With the keys to Lavender Cottage safely in our hands, we drove down a little way from the main house, past the farms small dam, to a series of pretty cottages, nestled in amongst the trees. The views from here are simply ravishing, with mountains as far as the eye can see, and in the near distance, winelands that add a sense of effortless largesse to the little cottage.
Despite being small, Lavender Cottage is very tastefully decorated and in no way feels cramped, particularly as one can spill out onto a verandah with to-die-for views. The lounge-come-kitchenette is an illustration of clever use of space, and the bedroom and en suite bathroom are generously proportioned and similarly comfortable.

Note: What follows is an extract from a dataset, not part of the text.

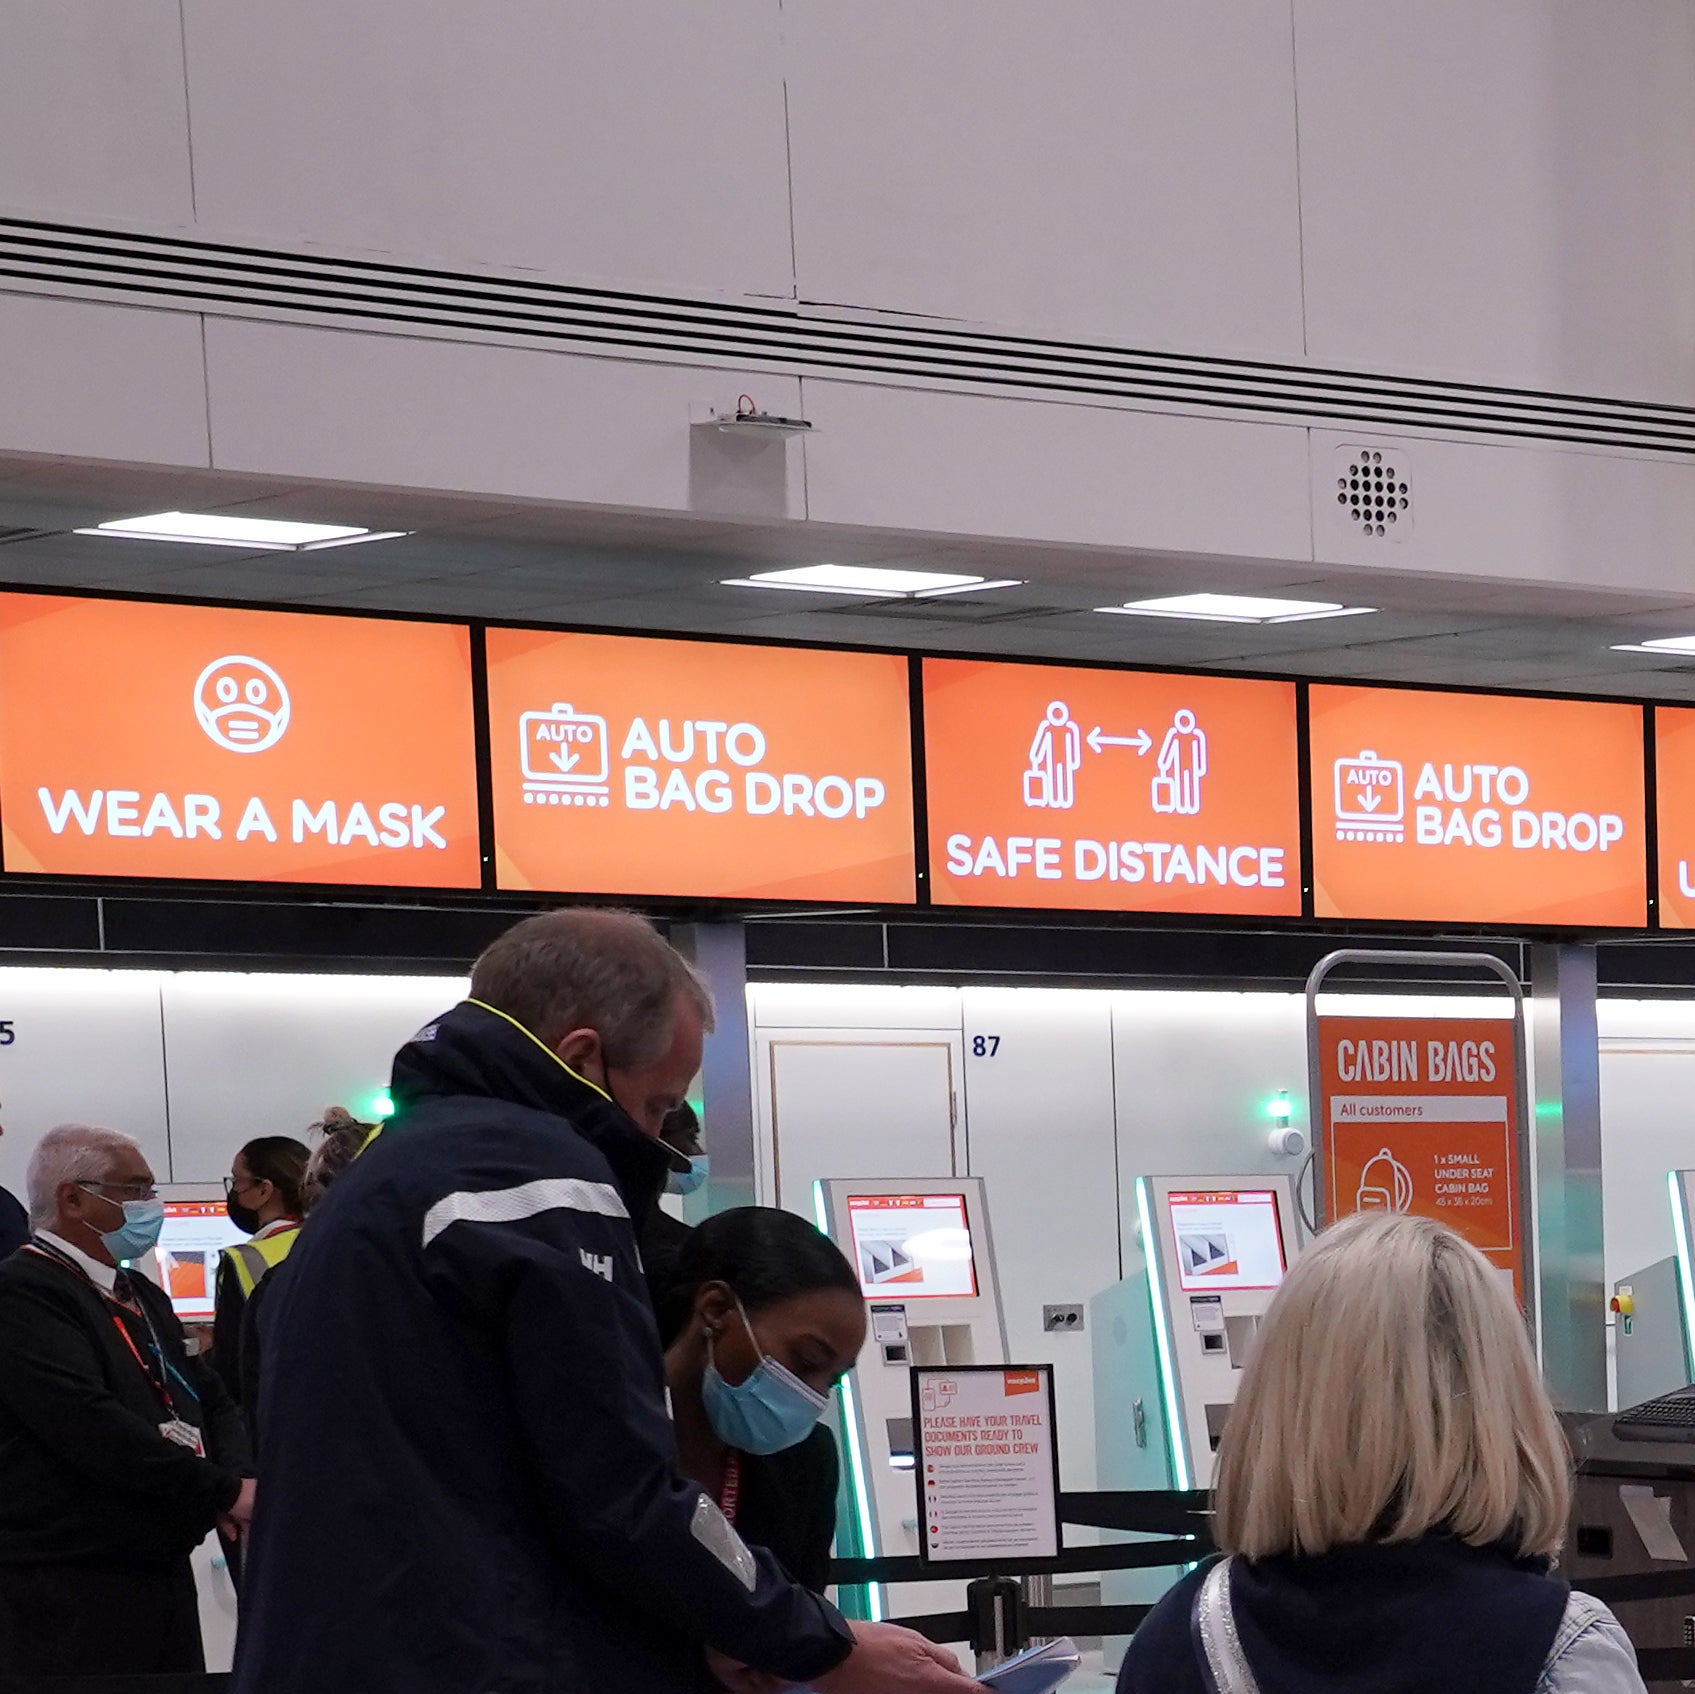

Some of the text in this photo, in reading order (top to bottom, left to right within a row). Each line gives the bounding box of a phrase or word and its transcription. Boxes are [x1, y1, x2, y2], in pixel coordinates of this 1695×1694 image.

But what really gives the accommodation its individuality is the little ‘touches’ – a wire basket filled with farm eggs, a vase filled with fresh herbs, a generous teapot ready for tea preparations, and a loaf of Trevor Daly’s ciabatta (he bakes his bread on a neighbouring farm).
There was plenty to do and see in the town of Worcester, but that’s all captured in another story (see Worcester, the town that fee off the map). The highlight of our stay on Karuma Farm was our hand-delivered breakfast basket (make sure you order the continental breakfast when you’re there).
A wonderful fruit salad filled with seasonal fruit including figs, warm rolls, mozzarella cheese served with ripened tomatoes and sprigs of basil, fresh fruit juice, percolated coffee, home-made muesli and yoghurt were a spread we enjoyed in the privacy of our verandah, whilst still in our pyjamas!
Willem had just popped around after his early morning stroll through the vineyards, to drop off a couple of bunches of table grapes – we couldn’t have asked for more generous hospitality.
Karuma Farm includes four different cottages – Neroli, Bergamot, Lavender and Angelica – seven kilometres from Worcester and just over an hour from Cape Town. The self-catering venues are perfectly placed for overnight stays, explorations of the Worcester Wine Route, and for business in the valley.